■ WHAT IS EXPECTED
Each record must reappear in the answer exactly as it is written.

■ STUDY MATERIAL
↓
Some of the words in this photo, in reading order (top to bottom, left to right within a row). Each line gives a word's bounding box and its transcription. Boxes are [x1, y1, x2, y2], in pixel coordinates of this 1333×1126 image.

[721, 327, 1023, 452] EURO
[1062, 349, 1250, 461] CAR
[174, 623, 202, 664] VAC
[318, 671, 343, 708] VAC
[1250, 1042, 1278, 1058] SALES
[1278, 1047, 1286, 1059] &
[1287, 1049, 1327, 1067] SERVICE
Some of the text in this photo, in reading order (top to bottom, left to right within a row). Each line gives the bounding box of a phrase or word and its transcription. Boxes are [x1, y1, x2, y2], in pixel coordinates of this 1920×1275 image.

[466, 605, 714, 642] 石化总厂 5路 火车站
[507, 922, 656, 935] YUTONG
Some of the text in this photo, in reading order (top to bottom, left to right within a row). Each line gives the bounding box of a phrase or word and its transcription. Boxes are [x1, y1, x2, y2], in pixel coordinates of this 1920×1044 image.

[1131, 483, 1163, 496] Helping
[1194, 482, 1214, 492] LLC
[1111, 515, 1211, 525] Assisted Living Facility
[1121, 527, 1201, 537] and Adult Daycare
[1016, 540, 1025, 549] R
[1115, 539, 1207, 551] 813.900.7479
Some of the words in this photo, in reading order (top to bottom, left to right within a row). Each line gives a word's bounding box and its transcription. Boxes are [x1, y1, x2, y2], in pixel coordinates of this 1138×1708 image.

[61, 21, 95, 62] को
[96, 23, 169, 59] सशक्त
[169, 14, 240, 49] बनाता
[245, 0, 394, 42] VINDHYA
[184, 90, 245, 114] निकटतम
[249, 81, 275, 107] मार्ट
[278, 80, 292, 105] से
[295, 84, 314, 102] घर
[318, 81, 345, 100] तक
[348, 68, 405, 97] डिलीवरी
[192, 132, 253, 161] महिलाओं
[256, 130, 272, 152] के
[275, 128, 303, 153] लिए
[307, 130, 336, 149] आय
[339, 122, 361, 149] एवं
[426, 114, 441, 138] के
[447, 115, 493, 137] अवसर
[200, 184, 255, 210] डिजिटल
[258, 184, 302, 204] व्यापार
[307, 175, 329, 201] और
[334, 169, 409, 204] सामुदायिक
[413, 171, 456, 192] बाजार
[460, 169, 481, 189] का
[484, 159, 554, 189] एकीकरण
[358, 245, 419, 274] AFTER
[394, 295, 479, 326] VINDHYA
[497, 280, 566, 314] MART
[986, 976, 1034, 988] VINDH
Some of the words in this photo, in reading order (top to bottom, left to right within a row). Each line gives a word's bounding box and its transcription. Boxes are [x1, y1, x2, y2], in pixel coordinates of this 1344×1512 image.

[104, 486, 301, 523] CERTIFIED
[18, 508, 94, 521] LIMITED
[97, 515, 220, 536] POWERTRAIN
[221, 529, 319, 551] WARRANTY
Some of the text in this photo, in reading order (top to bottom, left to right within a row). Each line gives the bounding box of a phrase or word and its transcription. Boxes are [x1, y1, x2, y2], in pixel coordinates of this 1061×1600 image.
↑
■ ANSWER TO THIS TASK
Some of the words in this photo, in reading order (top to bottom, left to right within a row). Each line gives a word's bounding box and its transcription. Boxes are [x1, y1, x2, y2], in pixel coordinates of this 1333×1126 image.

[721, 327, 1023, 452] EURO
[1062, 349, 1250, 461] CAR
[174, 623, 202, 664] VAC
[318, 671, 343, 708] VAC
[1250, 1042, 1278, 1058] SALES
[1278, 1047, 1286, 1059] &
[1287, 1049, 1327, 1067] SERVICE
Some of the text in this photo, in reading order (top to bottom, left to right within a row). Each line gives the bounding box of a phrase or word and its transcription. Boxes are [x1, y1, x2, y2], in pixel coordinates of this 1920×1275 image.

[466, 605, 714, 642] 石化总厂 5路 火车站
[507, 922, 656, 935] YUTONG
Some of the text in this photo, in reading order (top to bottom, left to right within a row). Each line gives the bounding box of a phrase or word and its transcription. Boxes are [x1, y1, x2, y2], in pixel coordinates of this 1920×1044 image.

[1131, 483, 1163, 496] Helping
[1194, 482, 1214, 492] LLC
[1111, 515, 1211, 525] Assisted Living Facility
[1121, 527, 1201, 537] and Adult Daycare
[1016, 540, 1025, 549] R
[1115, 539, 1207, 551] 813.900.7479
Some of the words in this photo, in reading order (top to bottom, left to right within a row). Each line gives a word's bounding box and its transcription. Boxes are [x1, y1, x2, y2], in pixel coordinates of this 1138×1708 image.

[61, 21, 95, 62] को
[96, 23, 169, 59] सशक्त
[169, 14, 240, 49] बनाता
[245, 0, 394, 42] VINDHYA
[184, 90, 245, 114] निकटतम
[249, 81, 275, 107] मार्ट
[278, 80, 292, 105] से
[295, 84, 314, 102] घर
[318, 81, 345, 100] तक
[348, 68, 405, 97] डिलीवरी
[192, 132, 253, 161] महिलाओं
[256, 130, 272, 152] के
[275, 128, 303, 153] लिए
[307, 130, 336, 149] आय
[339, 122, 361, 149] एवं
[426, 114, 441, 138] के
[447, 115, 493, 137] अवसर
[200, 184, 255, 210] डिजिटल
[258, 184, 302, 204] व्यापार
[307, 175, 329, 201] और
[334, 169, 409, 204] सामुदायिक
[413, 171, 456, 192] बाजार
[460, 169, 481, 189] का
[484, 159, 554, 189] एकीकरण
[358, 245, 419, 274] AFTER
[394, 295, 479, 326] VINDHYA
[497, 280, 566, 314] MART
[986, 976, 1034, 988] VINDH
Some of the words in this photo, in reading order (top to bottom, left to right within a row). Each line gives a word's bounding box and its transcription. Boxes are [x1, y1, x2, y2], in pixel coordinates of this 1344×1512 image.

[104, 486, 301, 523] CERTIFIED
[18, 508, 94, 521] LIMITED
[97, 515, 220, 536] POWERTRAIN
[221, 529, 319, 551] WARRANTY
Some of the text in this photo, in reading order (top to bottom, left to right within a row). Each line gives the bounding box of a phrase or word and its transcription. Boxes are [x1, y1, x2, y2], in pixel coordinates of this 1061×1600 image.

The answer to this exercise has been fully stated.